On Saturday 02 September 2006 15:36, Edgar Hucek wrote:
> Just a side hint. Try to enable all flags at the first cimpile time would
> reduce trys drasticaly ;)

There are lots of use flag combinations incompatible with each other within a
package as well as packages relying on other ones to be build with or without
use flags of other packages. The number of pssoble combinations would is too
high, even if we had build servers running around the clock.

In case of point two, you're right, that it doesn't let Gentoo look good.
Neither Gnome nor KDE (no use flag in this case) accessibiliy stuff builds
now - and bug 116030 is open since nine months. Partly the problem is that
we're understaffed, partly - and this is my very personal opinion - the
problem is that releasing with GCC 4.x has been rushed - speak the notice
came one or two months too late.


Carsten
Re: Re: The Age of the Universe [ In reply to ]
On Sunday 03 September 2006 00:16, Carsten Lohrke wrote:
> Neither Gnome nor KDE (no use flag in this case) accessibiliy stuff builds
> now - and bug 116030 is open since nine months.
And waiting other 2, 3, 4, 5, 6 months won't change the thing. Why? Because we
have _no_ accessibility team right now. If we had one, the problem would have
been solved. Unfortunately that software is doomed to lag behind the rest of
Gentoo unless someone maintain it. If it wasn't for the need of that software
by some users, probably treecleaners would have removed that already.

In _this_ particular case, the notice interval is not important.

--
Diego "Flameeyes" Pettenò - http://farragut.flameeyes.is-a-geek.org/
Gentoo/Alt lead, Gentoo/FreeBSD, Video, AMD64, Sound, PAM, KDE
Re: Re: The Age of the Universe [ In reply to ]
On Sat, Sep 02, 2006 at 08:55:33AM -0500, Mike Doty wrote:
> If that's not good enough for you, please find a distribution that you
> have to pay for like RHEL. Their testing is no better than ours, but
> at least paying something entitles you to bitch at them.
Or consider paying a Gentoo developer [*] as your first level support
person, and liaison with Gentoo. Thus they consult for you, and tell you
if your specific combinations are going to work, and do their hardest to
keep them working.

But don't forget to heed their warnings of what you should and shouldn't
do.

I believe there are several developers that are unemployed, and would
like more work of this nature.

* I'm aware that myself and several other developers do this in various
ways, most commonly by having our regular employer task us with making
sure that changes in Gentoo won't break what we do. However I'm not
taking any new consulting clients presently.

--
Robin Hugh Johnson
E-Mail : robbat2@gentoo.org
GnuPG FP : 11AC BA4F 4778 E3F6 E4ED F38E B27B 944E 3488 4E85
Re: The Age of the Universe [ In reply to ]
Simon Stelling wrote:

> Edgar Hucek wrote:
> > I know my tools but not necessarly the normal user who wanna use gentoo
> > and is ending frustrated.
>
> If the users are too lazy to read the documentation, why should we care
> about them?

Because we risk that Gentoo may receive the "user-UN-friendly" label and
become irrelevant in the long run? I know it ain't gonna happen, but still.

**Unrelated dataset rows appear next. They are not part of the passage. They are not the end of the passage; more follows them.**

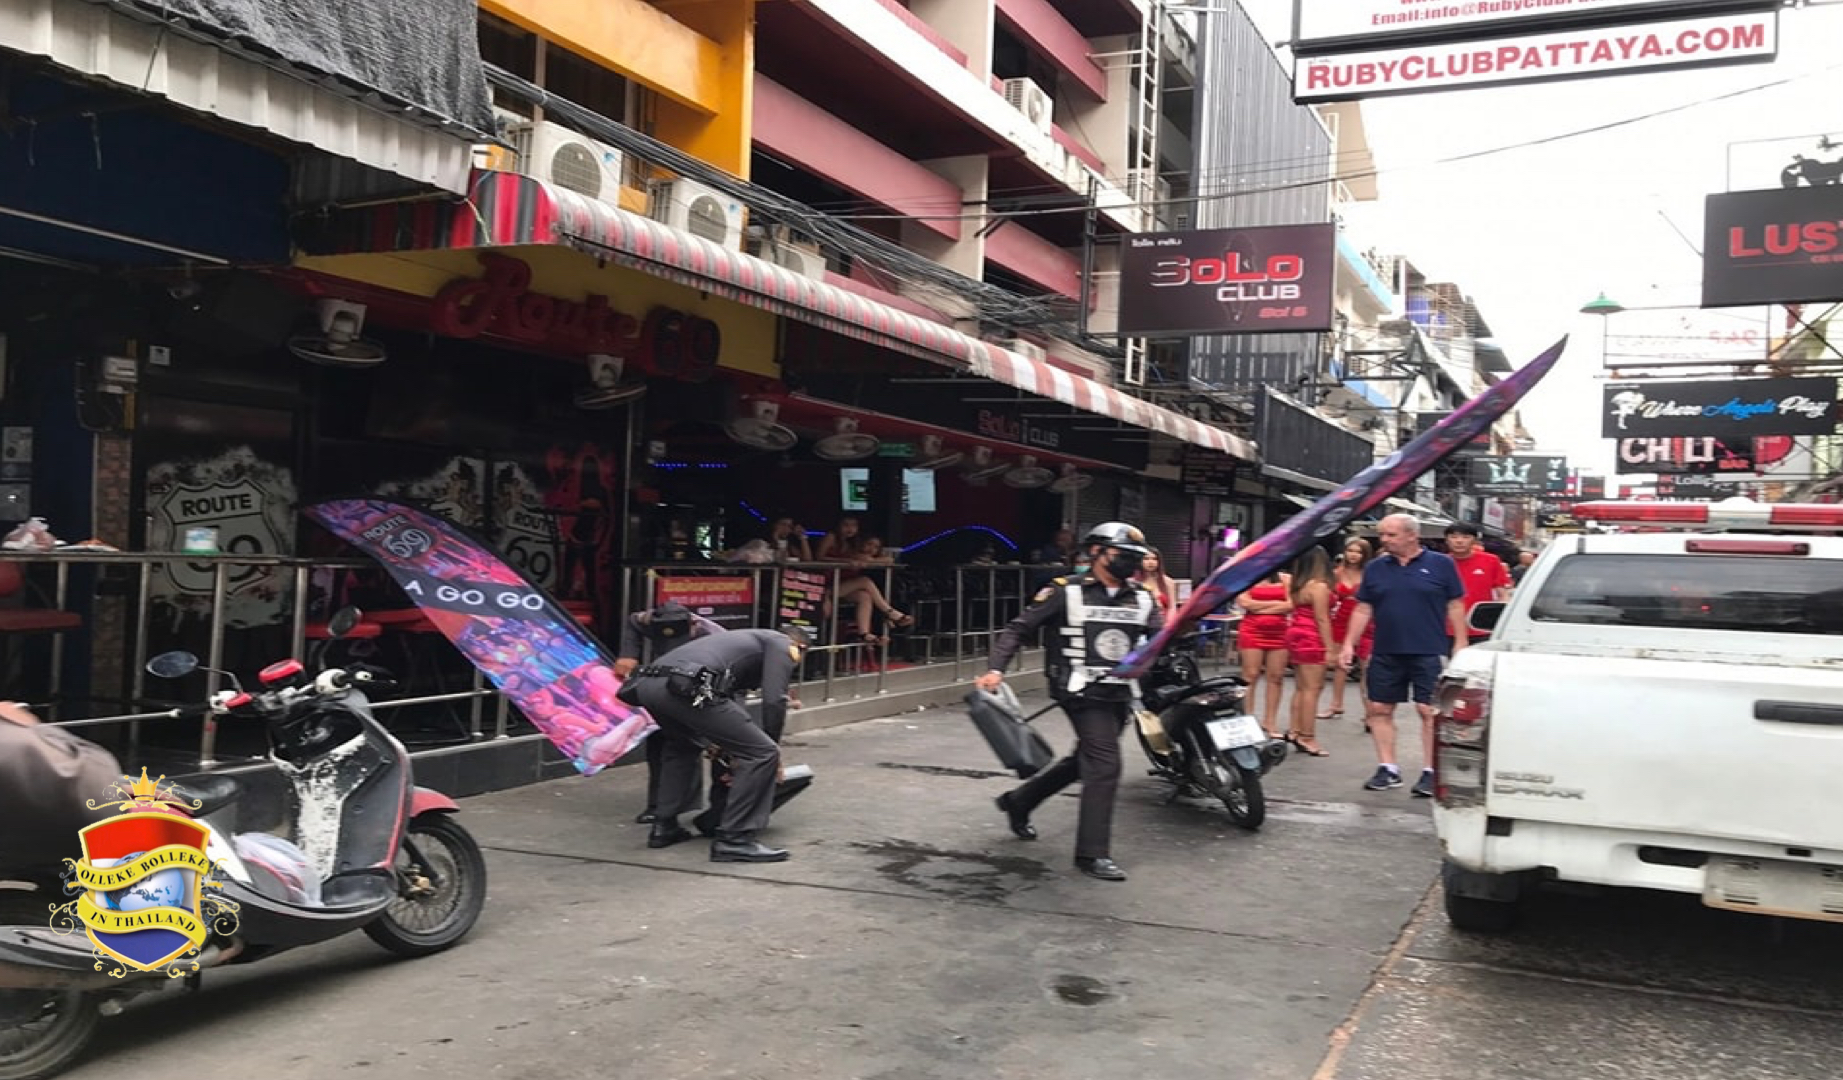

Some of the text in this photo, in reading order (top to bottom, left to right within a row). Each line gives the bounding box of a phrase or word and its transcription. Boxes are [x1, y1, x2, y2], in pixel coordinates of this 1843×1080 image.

[1306, 24, 1765, 90] RUBYCLUBPATTAYA.COM
[1728, 220, 1843, 258] LUS
[1216, 283, 1301, 302] CLUB
[181, 493, 252, 517] ROUTE
[363, 516, 408, 541] ROUTE
[382, 528, 432, 558] 69
[404, 580, 545, 611] A GO GO

Both Edgar and you have some valid points. He refers mostly to the out-of-box
experience, which includes compiling GNOME and its dependencies at the install
time. With USE="accessibility" enabled, which makes perfect sense for people
with disabilities. And then the first-ever Gentoo installation breaks on the
speech-tools and festival.

How would *you* feel in such case?

You OTOH bring to the table a fact that developers shouldn't be that much
concerned with the stabilization/testing of packages before new release of
installation media. But new releases *ARE* targeted specifically at new users
and it's them who suffer the most. Next to it is the reputation of Gentoo and
its developers. Edgar's call was targeted mostly at releng and QA teams, who
should poke developers to decrease number of similar problems.

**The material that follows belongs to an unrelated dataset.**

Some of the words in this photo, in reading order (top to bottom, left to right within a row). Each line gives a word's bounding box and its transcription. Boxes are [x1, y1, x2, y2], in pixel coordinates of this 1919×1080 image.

I maintain a bunch of Debian/sparc, Debian/i386, Gentoo/amd64, Gentoo/x86,
Solaris/sparc, Ubuntu/i686 boxes and mind you, out-of-box experience at
install time means A LOT.

More respect to the users => more respect to Gentoo.

Regards,
Wiktor Wandachowicz

PS. I'm already on the CC list of bug #116030 for the same reasons, but
I've been mostly quiet because I do know my tools ;) But OTOH I've been
already running Gentoo for a while....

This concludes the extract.